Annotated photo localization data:
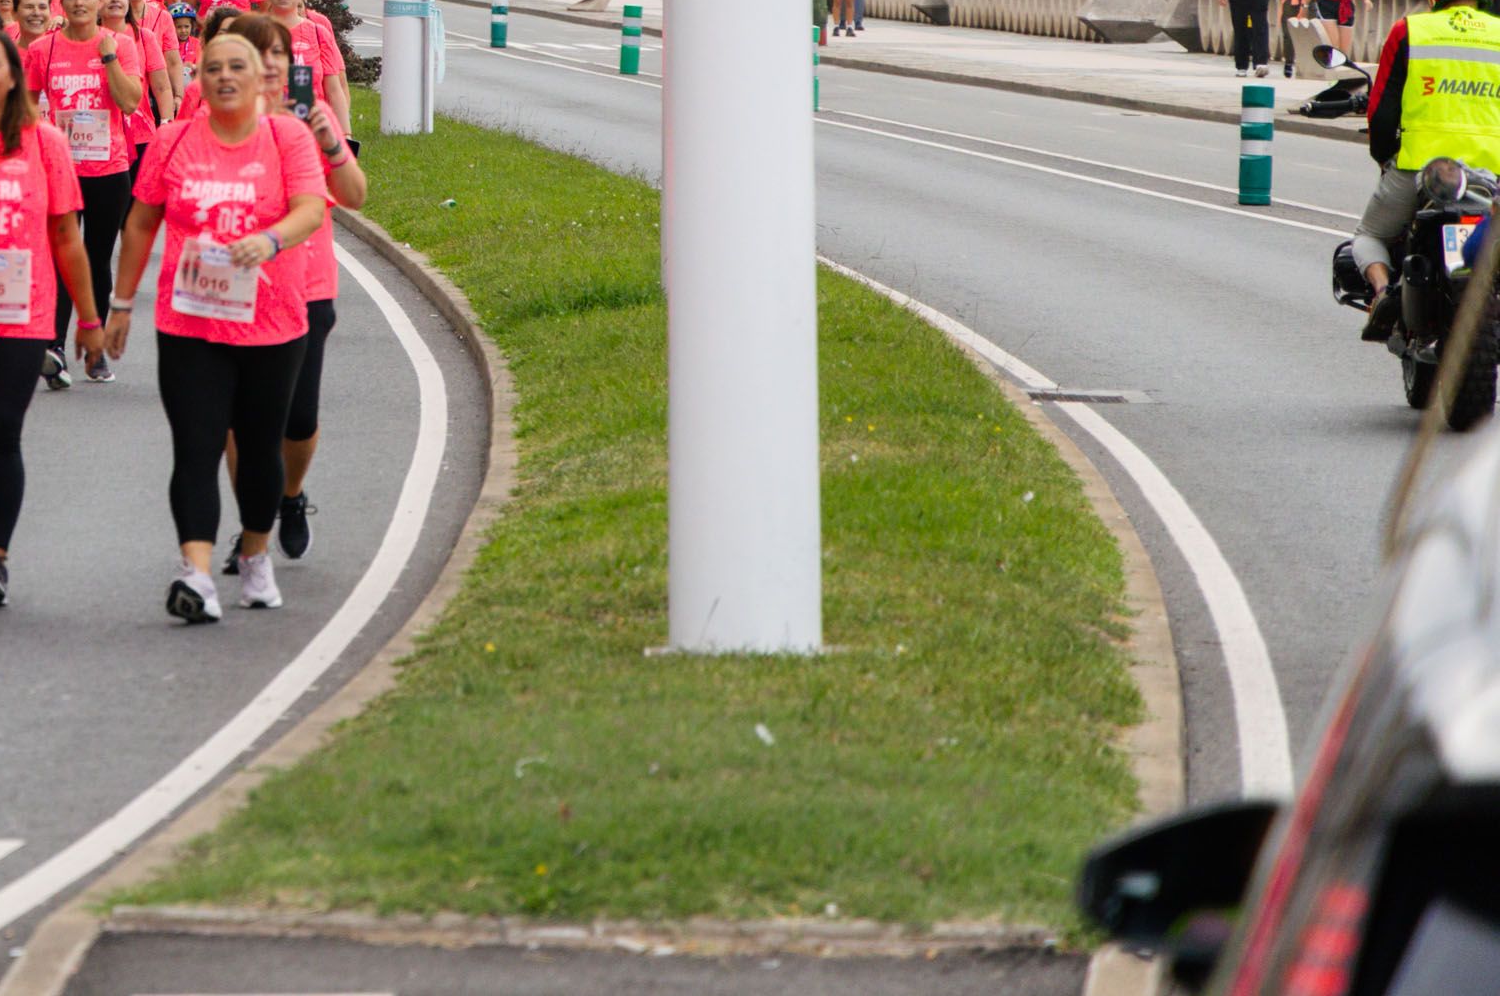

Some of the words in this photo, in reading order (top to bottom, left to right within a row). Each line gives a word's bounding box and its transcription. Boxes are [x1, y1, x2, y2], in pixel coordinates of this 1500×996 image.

[51, 73, 101, 90] CARRERA
[73, 132, 93, 141] 016
[179, 178, 256, 203] CARRERA
[199, 276, 229, 293] 016

- TASK ITEM
Set the records down again exactly as given, and leave the pictures out.

- EXPECTED OUTPUT
Some of the words in this photo, in reading order (top to bottom, left to right within a row). Each line gives a word's bounding box and its transcription. Boxes are [x1, y1, x2, y2], in pixel coordinates of this 1500×996 image.

[51, 73, 101, 90] CARRERA
[73, 132, 93, 141] 016
[179, 178, 256, 203] CARRERA
[199, 276, 229, 293] 016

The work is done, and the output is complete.